■ INPUT DATA
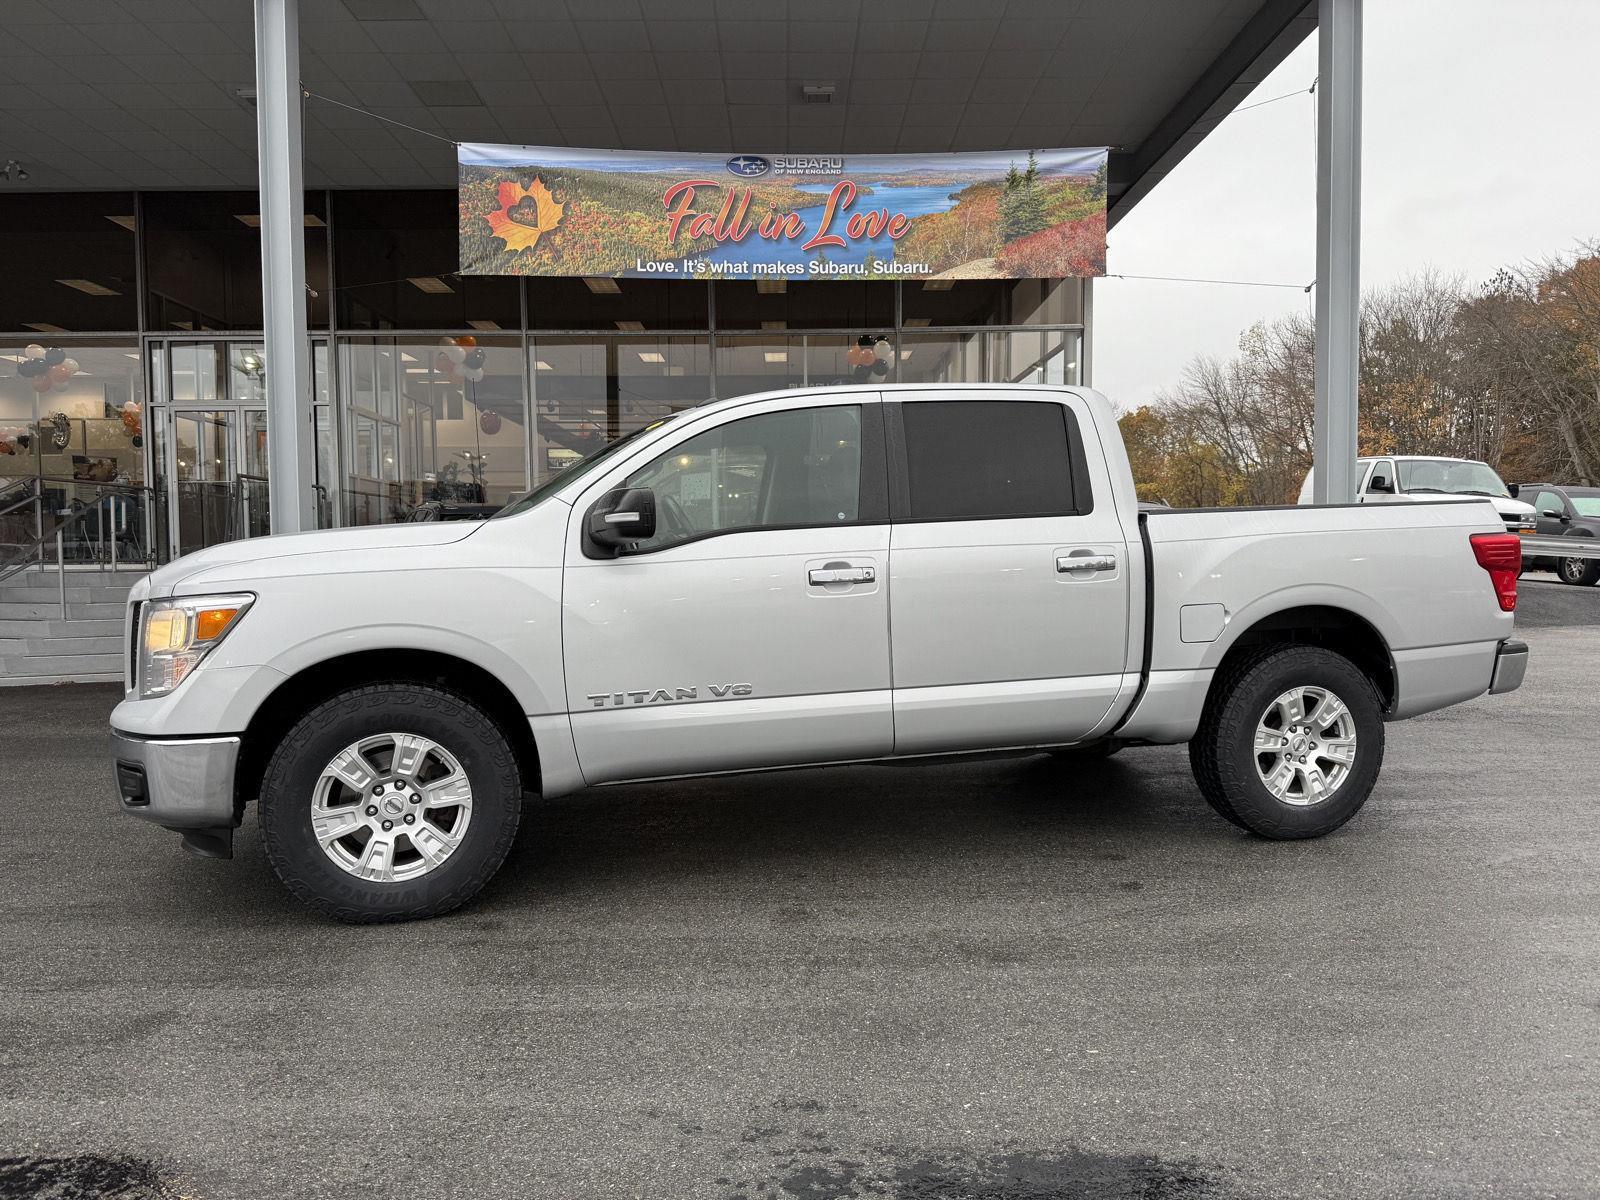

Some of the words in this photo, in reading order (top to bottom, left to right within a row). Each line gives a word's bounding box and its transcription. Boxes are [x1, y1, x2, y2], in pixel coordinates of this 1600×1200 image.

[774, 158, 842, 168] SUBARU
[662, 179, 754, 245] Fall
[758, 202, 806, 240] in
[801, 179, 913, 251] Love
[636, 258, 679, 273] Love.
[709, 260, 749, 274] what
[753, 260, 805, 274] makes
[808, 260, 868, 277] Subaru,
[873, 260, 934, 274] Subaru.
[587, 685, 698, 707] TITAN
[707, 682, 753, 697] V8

■ EXERCISE AIM
Only the text of the records belongs in your answer, repeated exactly; the pictures stay out.

■ ANSWER TO THE PROBLEM
Some of the words in this photo, in reading order (top to bottom, left to right within a row). Each line gives a word's bounding box and its transcription. Boxes are [x1, y1, x2, y2], in pixel coordinates of this 1600×1200 image.

[774, 158, 842, 168] SUBARU
[662, 179, 754, 245] Fall
[758, 202, 806, 240] in
[801, 179, 913, 251] Love
[636, 258, 679, 273] Love.
[709, 260, 749, 274] what
[753, 260, 805, 274] makes
[808, 260, 868, 277] Subaru,
[873, 260, 934, 274] Subaru.
[587, 685, 698, 707] TITAN
[707, 682, 753, 697] V8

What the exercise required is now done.